Michalina Knapik1, Paulina Gisman1, Natalia Phatthana1, Daniel Żelazo1, Magdalena Krajewska-Włodarczyk2
Rheumatology Forum 2023;9(3):105-111.


Introduction: Fibromyalgia is a chronic soft tissue rheumatic disease of unknown aetiology and marked by chronic, multi-sited pain persisting for at least three months and concomitant fatigue. The pathogenesis is still not precisely understood; disturbances of biochemical, metabolic, and immunological processes are suspected, and the impact of chronic stress is also undeniable. This study aims to compare the prevalence of fibromyalgia among students of different years of medical course at the University of Warmia and Mazury in Olsztyn.

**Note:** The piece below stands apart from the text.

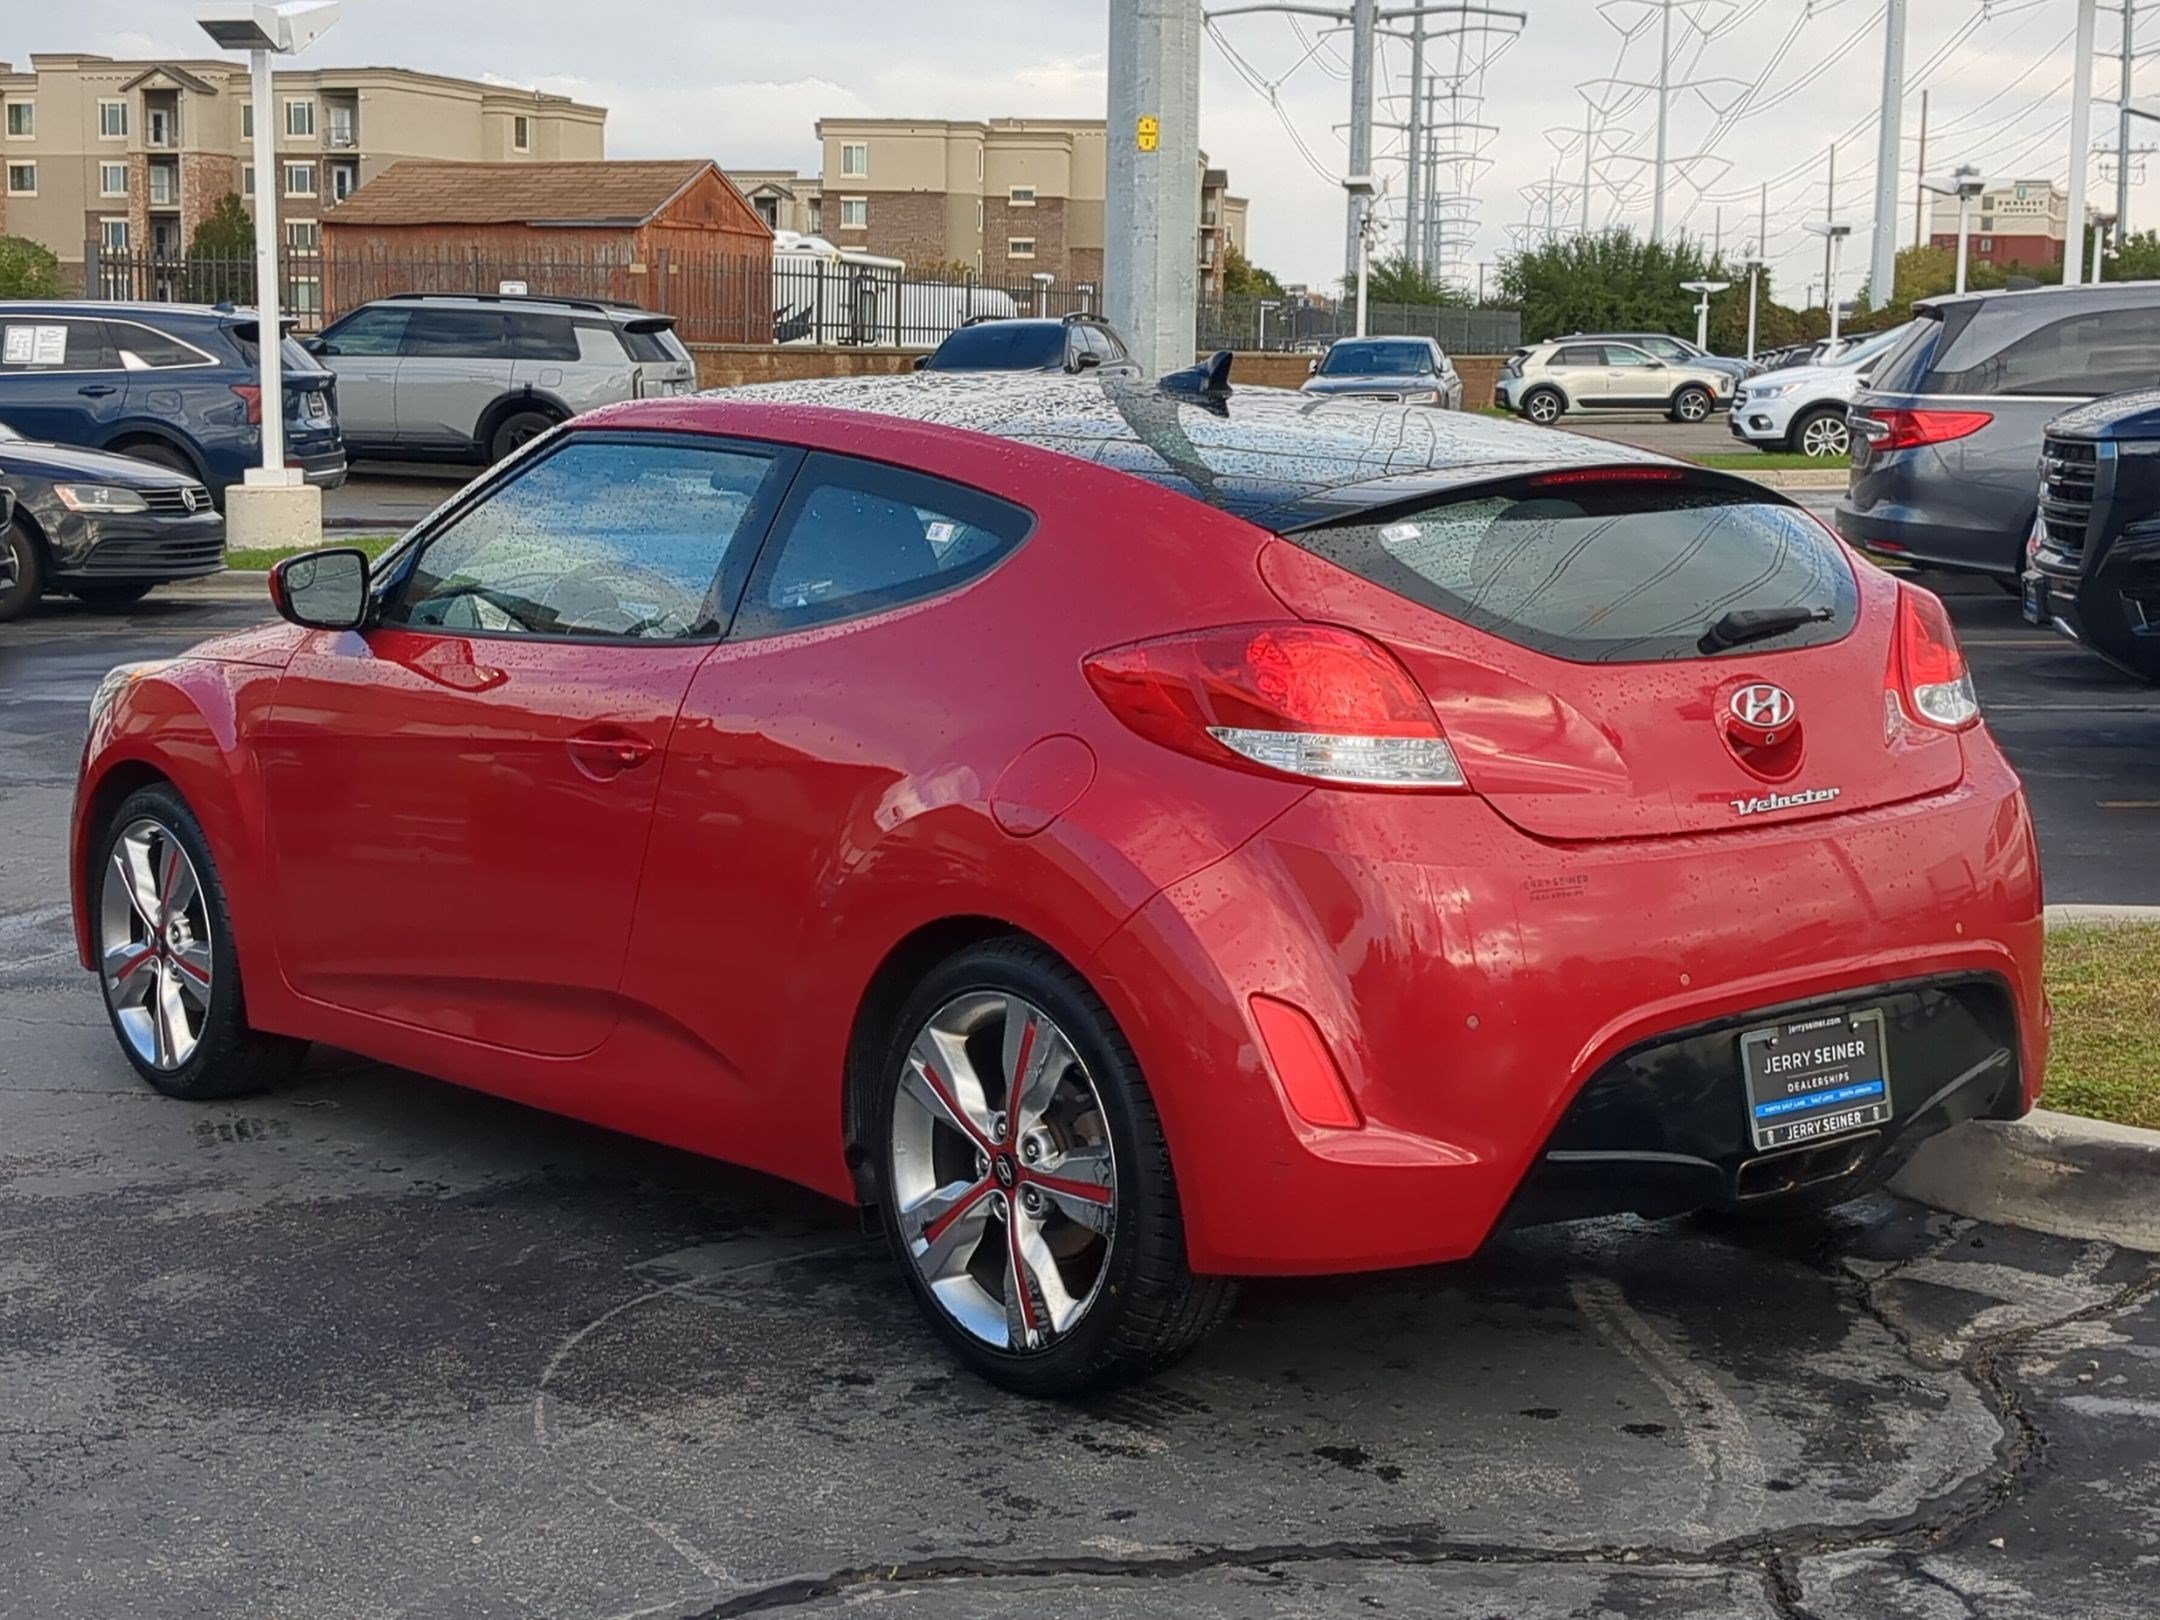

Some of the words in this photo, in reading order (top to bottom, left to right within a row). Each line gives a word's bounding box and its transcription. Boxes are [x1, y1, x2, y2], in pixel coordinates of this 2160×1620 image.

Material and methods: The Fibromyalgia Survey Questionnaire (FSQ) incorporating the 2011 and 2016 diagnostic criteria for fibromyalgia was used for the survey. Questionnaires were distributed in hard copy during lectures (1–2 years of study) or credits (3–6 years of study).
Results: A total of 451 students representing all years were surveyed, sequentially from the first (n = 125), second (n = 96), third (n = 80), fourth (n = 62), fifth (n = 68) and sixth years (n = 20). Seventeen respondents (3.77%) met the diagnostic concriteria for fibromyalgia according to the ACR 2016. In the pre-clinical years, fibromyalgia w as slightly more frequent, however, the difference was not statistically significant (p = 0.1867). In contrast, in the pre-clinical years there was a statistically significantly higher prevalence of symptoms such as headaches, fatigue, trouble thinking or memory problems, waking up feeling tired, and pain in various parts of the spine. Also, students in their pre-clinical years were significantly more likely to meet fibromyalgia criteria such as symptom severity scale, widespread pain index and duration of symptoms of more than 3 months.

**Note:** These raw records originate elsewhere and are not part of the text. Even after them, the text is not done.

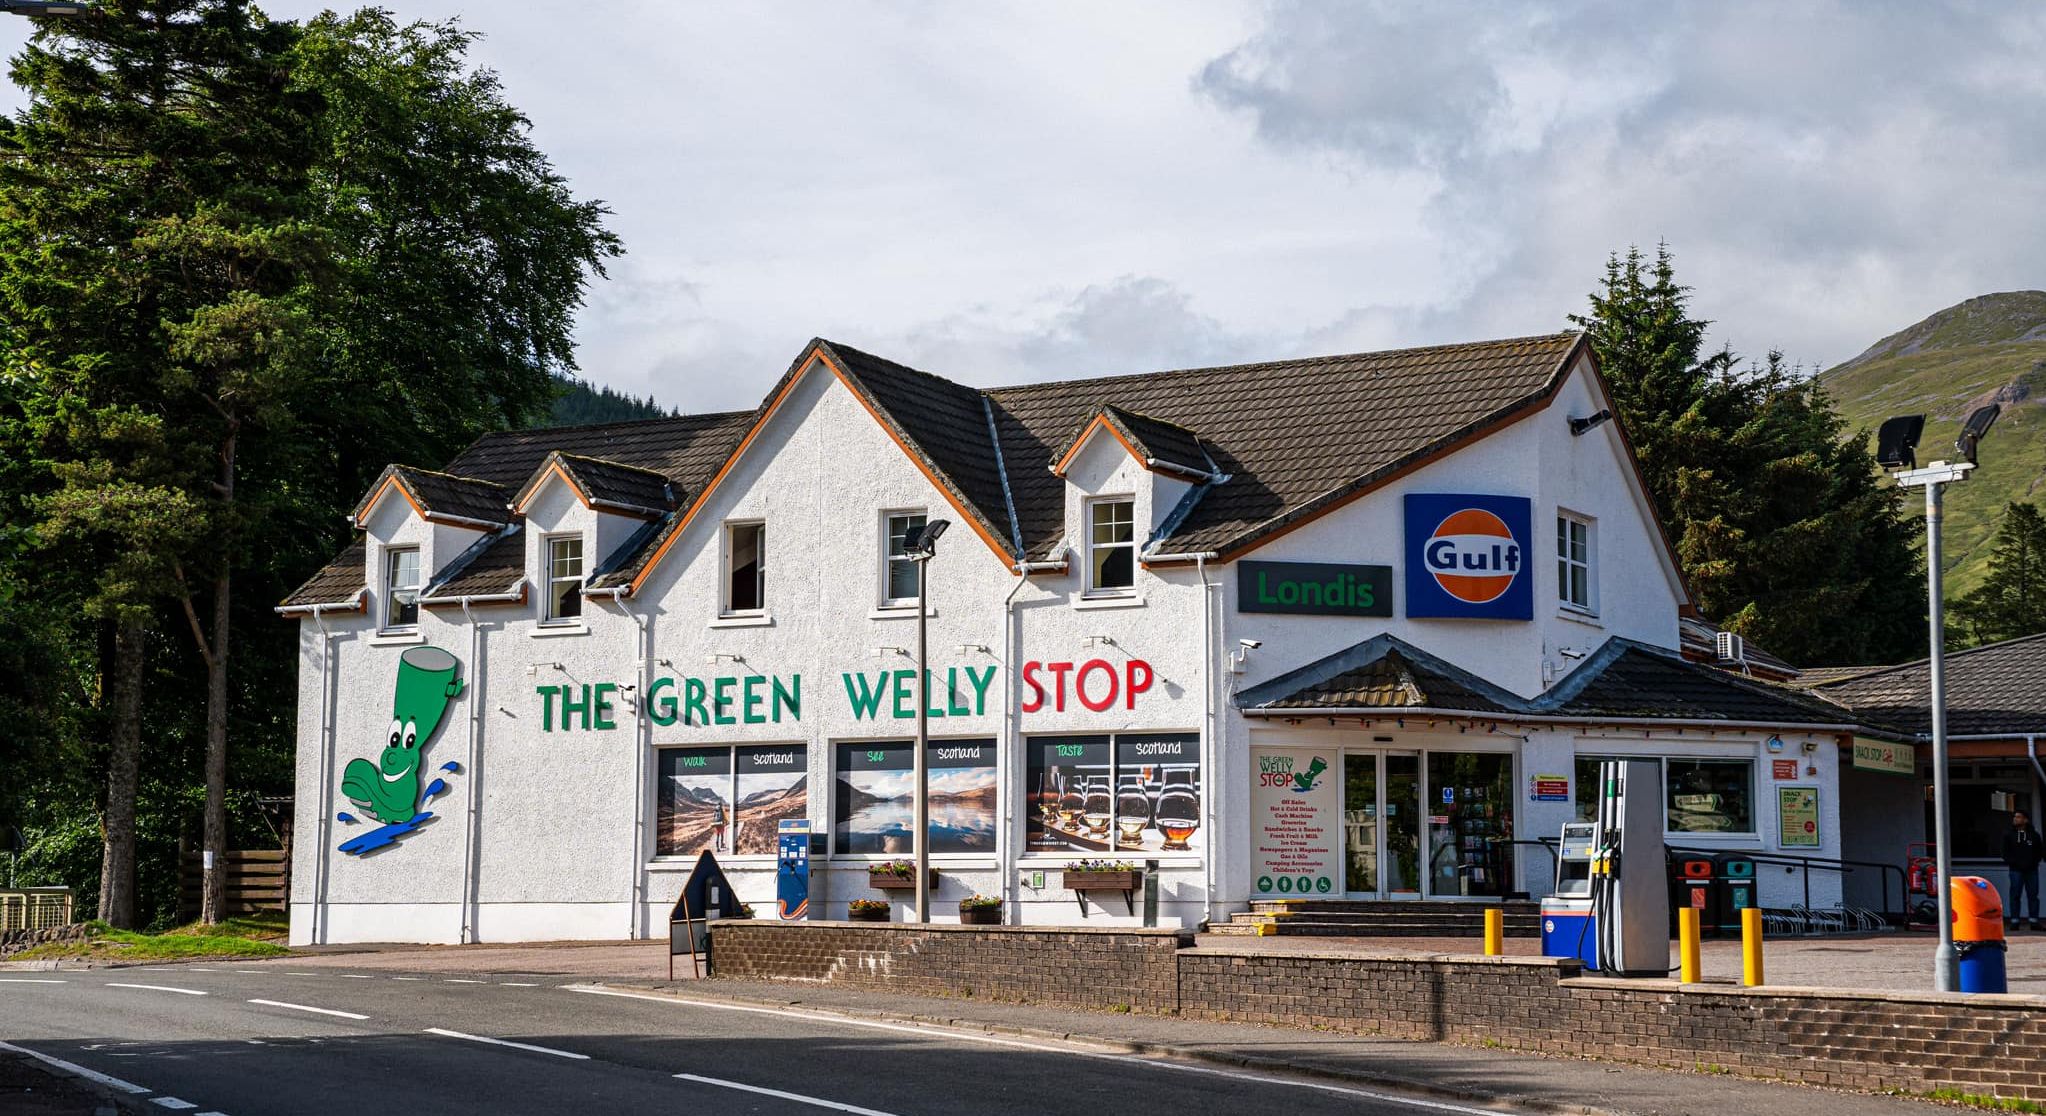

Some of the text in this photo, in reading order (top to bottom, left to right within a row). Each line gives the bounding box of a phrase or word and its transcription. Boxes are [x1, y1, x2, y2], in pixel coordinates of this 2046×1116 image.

[1426, 541, 1519, 571] Gulf
[1258, 572, 1375, 607] Londis
[537, 659, 1154, 732] THE GREEN WELLY STOP
[867, 746, 980, 762] See Scotland
[1056, 741, 1182, 757] Taste Scotland
[683, 751, 793, 767] Walk Scotland
[1260, 762, 1293, 773] WELLY
[1260, 773, 1293, 787] STOP

Conclusions: Although this study did not reveal an increased incidence rate of fibromyalgia among medical students compared to the general population, nor was there a statistically significant difference in terms of the prevalence of fibromyalgia between the first two years of study and the remaining years of study, it clearly highlighted the reduced quality of life in this population group.